India’s largest real-estate developer DLF is on track to halving its debt to Rs 12,000 crore over two years.
DLF Universal Ltd vice-chairman Mr Mohit Gujral told Business Line that it is in the process of reducing debt through sale of non-core assets and some land during this year and the next.
The rest of the debt, which is also about Rs 12,000 crore, is against rental assets. It is being serviced from rental income. “We can be a zero debt company as far as non-rental is concerned,” he said. The company has already exited all its hospitality businesses as well as a mutual fund company. It is in the process of exiting an insurance venture with US-based Pramerica.
The land bank in Mumbai, which is about 17.5 acres, will also be disposed of soon. “Mumbai is a very important and complex market. We realised that it takes about five years to understand a particular market. It would mean putting a massive asset to risk. If I put the same money into Gurgoan, which is our base, it will pay us more dividends because we know that market,” Mr Gujral said.

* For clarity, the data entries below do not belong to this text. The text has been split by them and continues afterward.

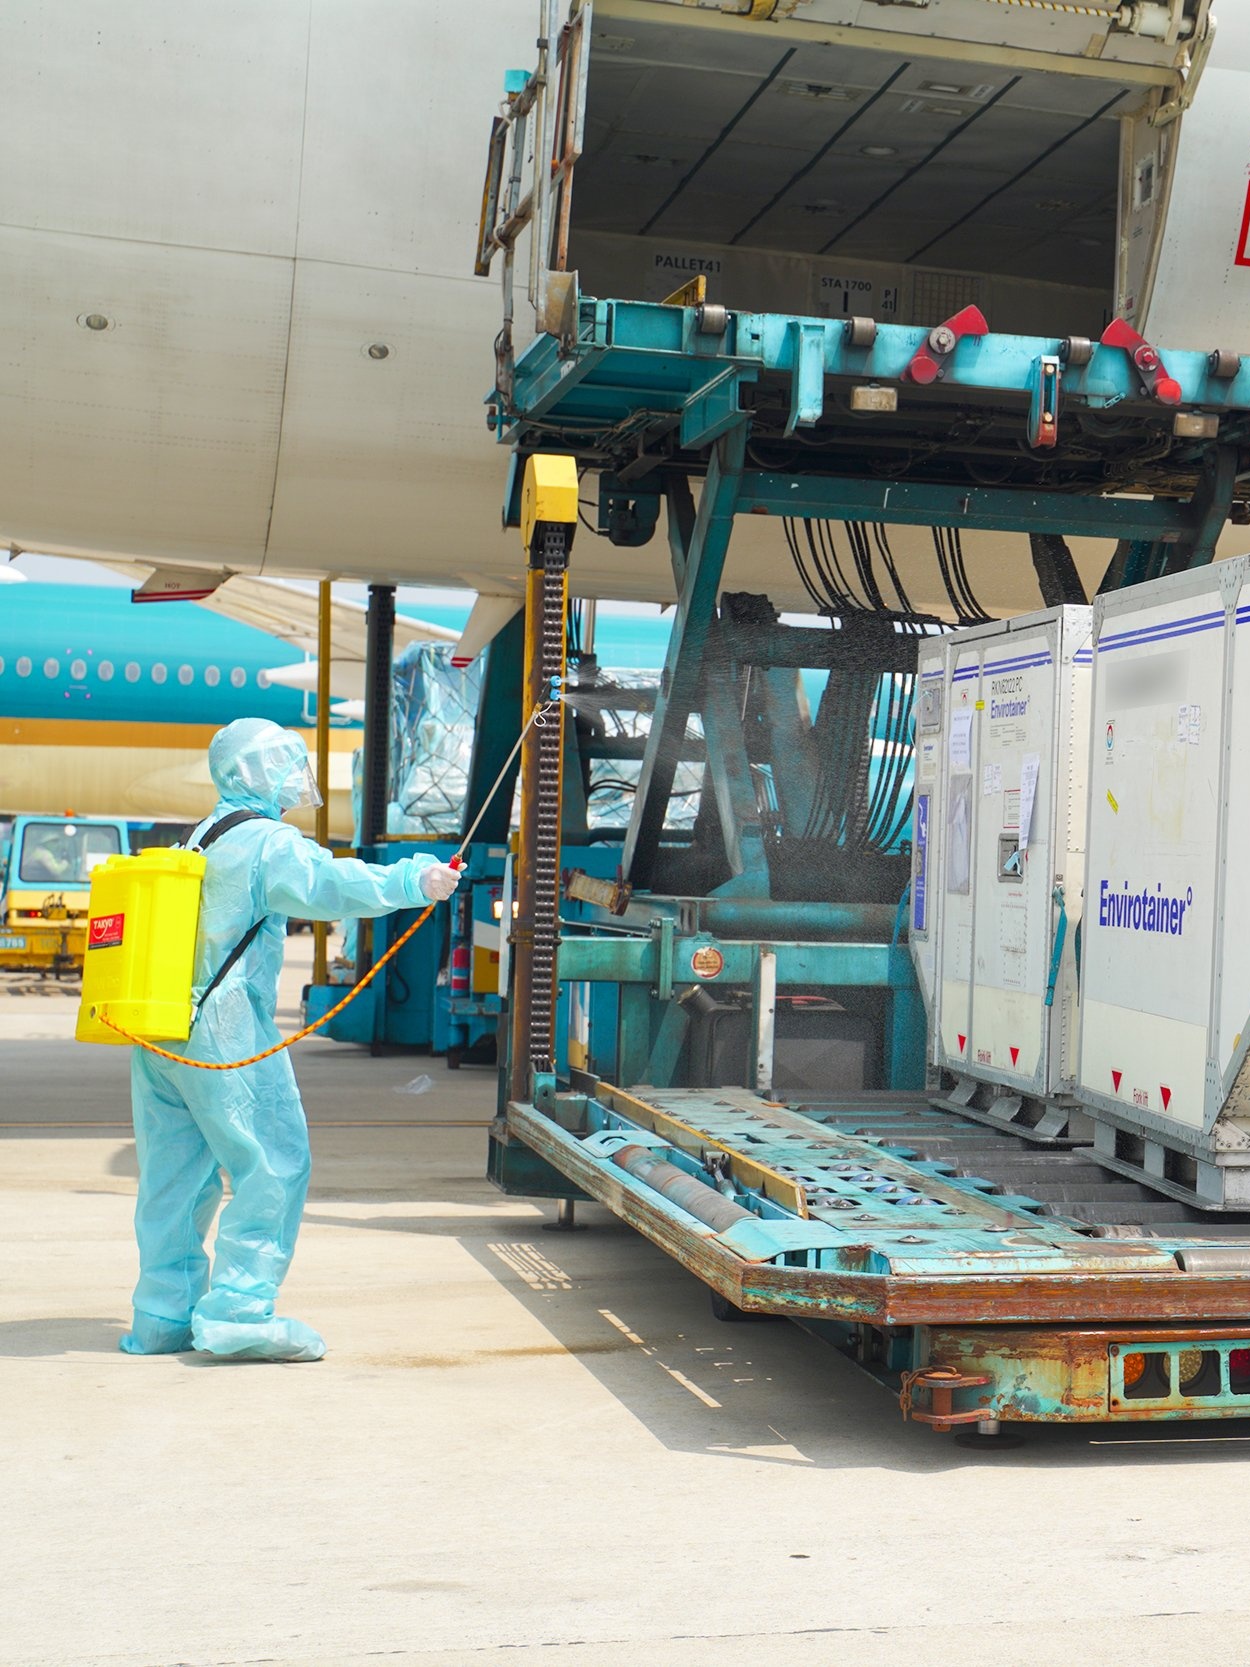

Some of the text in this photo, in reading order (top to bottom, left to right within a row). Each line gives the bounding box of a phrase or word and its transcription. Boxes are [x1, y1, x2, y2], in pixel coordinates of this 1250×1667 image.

[655, 254, 722, 273] PALLET41
[821, 277, 872, 292] STA 1700
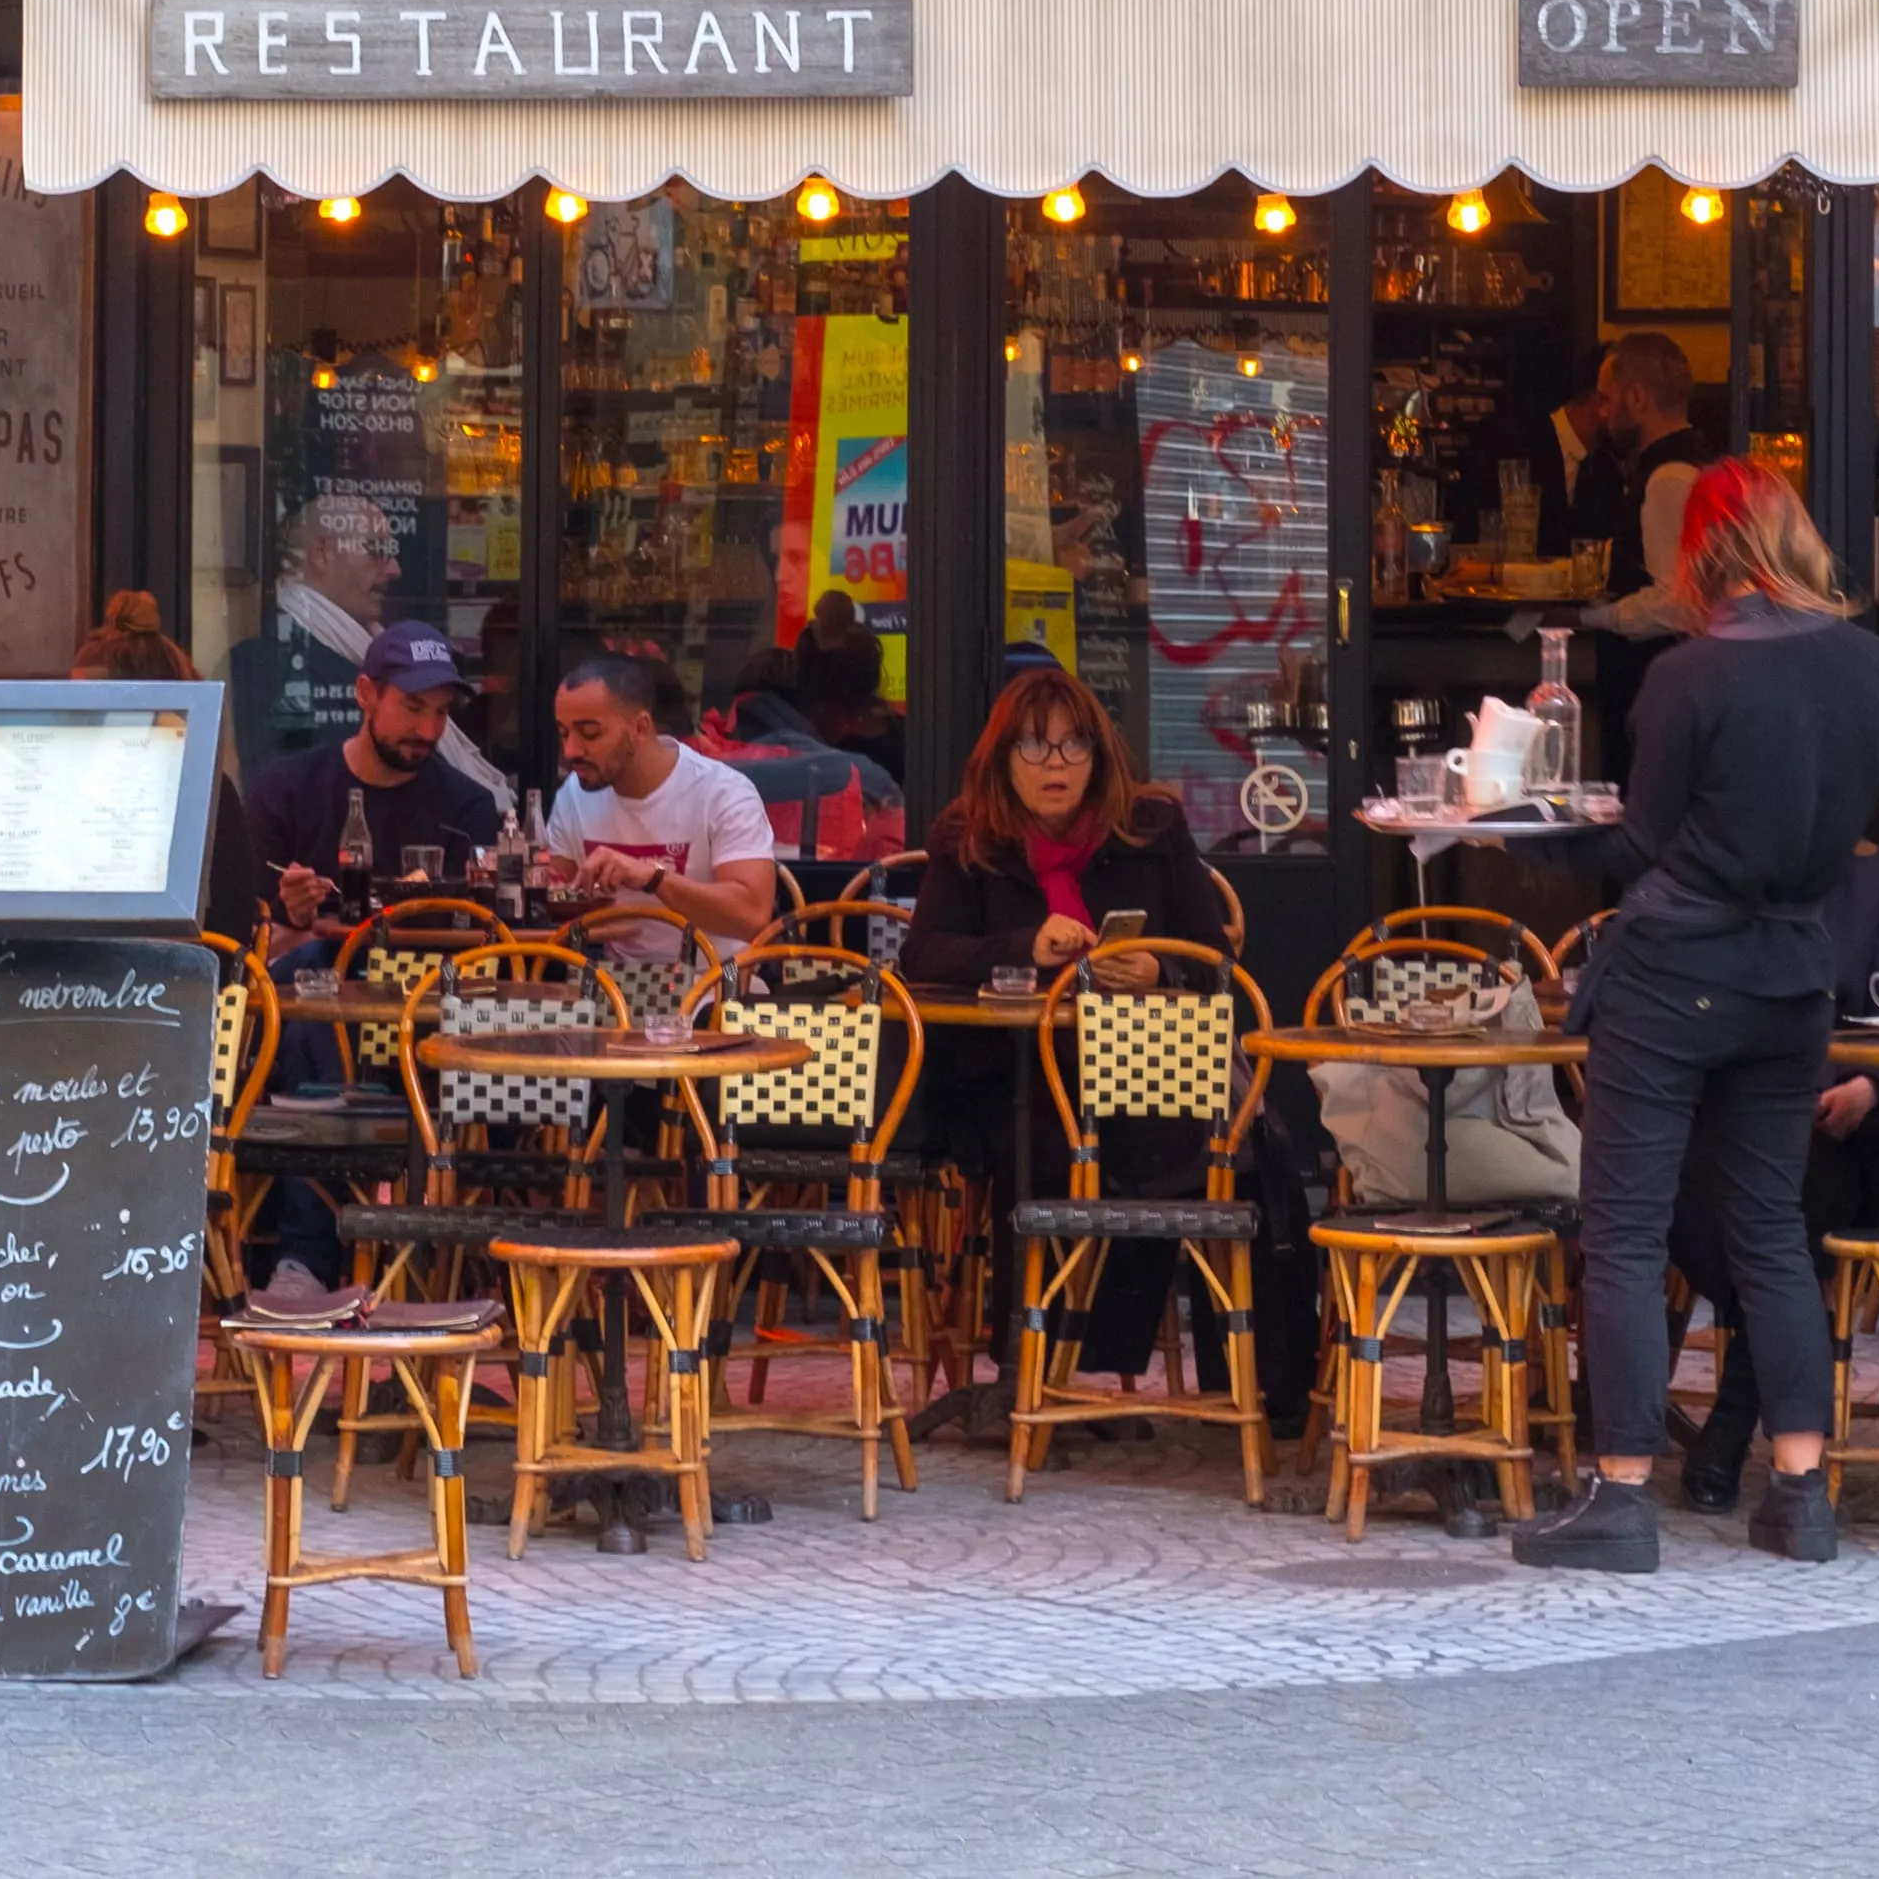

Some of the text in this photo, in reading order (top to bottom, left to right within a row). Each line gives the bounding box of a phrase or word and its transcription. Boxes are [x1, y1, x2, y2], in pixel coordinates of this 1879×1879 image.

[183, 9, 874, 77] RESTAURANT
[19, 968, 181, 1017] novembre
[13, 1064, 109, 1106] moules
[116, 1060, 160, 1098] et
[6, 1119, 89, 1175] pesto
[13, 1578, 96, 1620] vanille
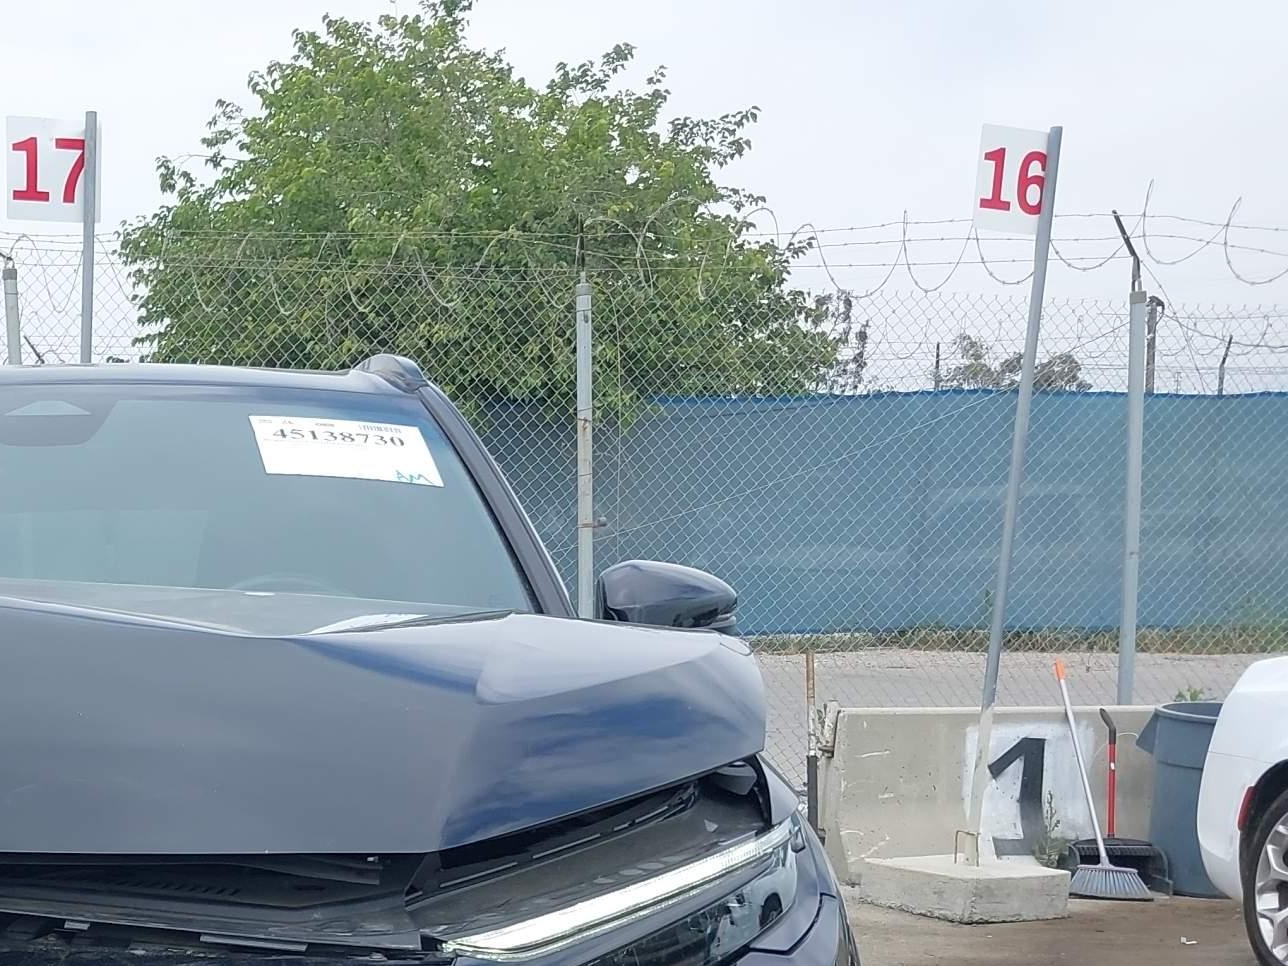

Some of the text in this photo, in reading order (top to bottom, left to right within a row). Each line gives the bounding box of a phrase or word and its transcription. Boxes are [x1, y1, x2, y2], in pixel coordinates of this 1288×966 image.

“We have never defaulted on debt repayment. We have borrowed what we think we can service,” he pointed out. He said, from now onwards, DLF will “focus on what it knows best — which is how to buy land, and conceive of and plan the type of project which can be built on that piece of land.”
Mr Gujral revealed that the group’s management had identified the assets that needed to be disposed of after drawing up a business plan for the next 10 years. “We drew up a list of assets which we can use for the next five to 10 years. After that, whatever was the surplus land, we decided to sell it. That’s how we arrived at a divestment plan of Rs 12,000 crore,” he said.